Information supplied ::
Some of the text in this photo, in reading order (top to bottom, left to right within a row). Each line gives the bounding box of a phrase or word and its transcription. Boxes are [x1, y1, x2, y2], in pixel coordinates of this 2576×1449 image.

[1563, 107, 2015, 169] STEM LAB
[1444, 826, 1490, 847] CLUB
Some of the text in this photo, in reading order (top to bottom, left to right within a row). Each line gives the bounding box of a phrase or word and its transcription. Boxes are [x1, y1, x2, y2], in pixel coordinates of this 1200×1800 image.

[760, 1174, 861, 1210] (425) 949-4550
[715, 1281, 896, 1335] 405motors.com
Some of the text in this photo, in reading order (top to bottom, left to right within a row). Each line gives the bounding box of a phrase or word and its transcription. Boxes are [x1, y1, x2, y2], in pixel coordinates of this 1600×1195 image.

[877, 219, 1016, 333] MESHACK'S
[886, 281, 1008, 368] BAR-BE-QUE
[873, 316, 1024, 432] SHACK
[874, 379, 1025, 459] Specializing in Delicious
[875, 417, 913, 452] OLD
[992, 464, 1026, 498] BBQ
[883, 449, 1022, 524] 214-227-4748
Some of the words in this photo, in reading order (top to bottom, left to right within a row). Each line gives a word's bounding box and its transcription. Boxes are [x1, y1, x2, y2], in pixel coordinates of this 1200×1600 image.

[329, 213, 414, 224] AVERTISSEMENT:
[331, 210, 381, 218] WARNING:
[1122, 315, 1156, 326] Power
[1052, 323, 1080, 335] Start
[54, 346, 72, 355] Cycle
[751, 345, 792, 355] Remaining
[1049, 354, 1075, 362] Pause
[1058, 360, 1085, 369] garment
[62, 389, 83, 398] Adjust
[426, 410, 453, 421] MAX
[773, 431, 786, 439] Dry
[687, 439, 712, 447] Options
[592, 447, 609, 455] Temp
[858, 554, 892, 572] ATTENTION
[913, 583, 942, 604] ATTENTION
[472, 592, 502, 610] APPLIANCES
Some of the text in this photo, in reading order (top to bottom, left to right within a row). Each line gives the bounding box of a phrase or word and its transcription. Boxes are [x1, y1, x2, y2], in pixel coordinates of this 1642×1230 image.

Description of the task :: Word for word, write out each of the records shown above.

Reply to the task ::
Some of the text in this photo, in reading order (top to bottom, left to right within a row). Each line gives the bounding box of a phrase or word and its transcription. Boxes are [x1, y1, x2, y2], in pixel coordinates of this 2576×1449 image.

[1563, 107, 2015, 169] STEM LAB
[1444, 826, 1490, 847] CLUB
Some of the text in this photo, in reading order (top to bottom, left to right within a row). Each line gives the bounding box of a phrase or word and its transcription. Boxes are [x1, y1, x2, y2], in pixel coordinates of this 1200×1800 image.

[760, 1174, 861, 1210] (425) 949-4550
[715, 1281, 896, 1335] 405motors.com
Some of the text in this photo, in reading order (top to bottom, left to right within a row). Each line gives the bounding box of a phrase or word and its transcription. Boxes are [x1, y1, x2, y2], in pixel coordinates of this 1600×1195 image.

[877, 219, 1016, 333] MESHACK'S
[886, 281, 1008, 368] BAR-BE-QUE
[873, 316, 1024, 432] SHACK
[874, 379, 1025, 459] Specializing in Delicious
[875, 417, 913, 452] OLD
[992, 464, 1026, 498] BBQ
[883, 449, 1022, 524] 214-227-4748
Some of the words in this photo, in reading order (top to bottom, left to right within a row). Each line gives a word's bounding box and its transcription. Boxes are [x1, y1, x2, y2], in pixel coordinates of this 1200×1600 image.

[329, 213, 414, 224] AVERTISSEMENT:
[331, 210, 381, 218] WARNING:
[1122, 315, 1156, 326] Power
[1052, 323, 1080, 335] Start
[54, 346, 72, 355] Cycle
[751, 345, 792, 355] Remaining
[1049, 354, 1075, 362] Pause
[1058, 360, 1085, 369] garment
[62, 389, 83, 398] Adjust
[426, 410, 453, 421] MAX
[773, 431, 786, 439] Dry
[687, 439, 712, 447] Options
[592, 447, 609, 455] Temp
[858, 554, 892, 572] ATTENTION
[913, 583, 942, 604] ATTENTION
[472, 592, 502, 610] APPLIANCES
Some of the text in this photo, in reading order (top to bottom, left to right within a row). Each line gives the bounding box of a phrase or word and its transcription. Boxes are [x1, y1, x2, y2], in pixel coordinates of this 1642×1230 image.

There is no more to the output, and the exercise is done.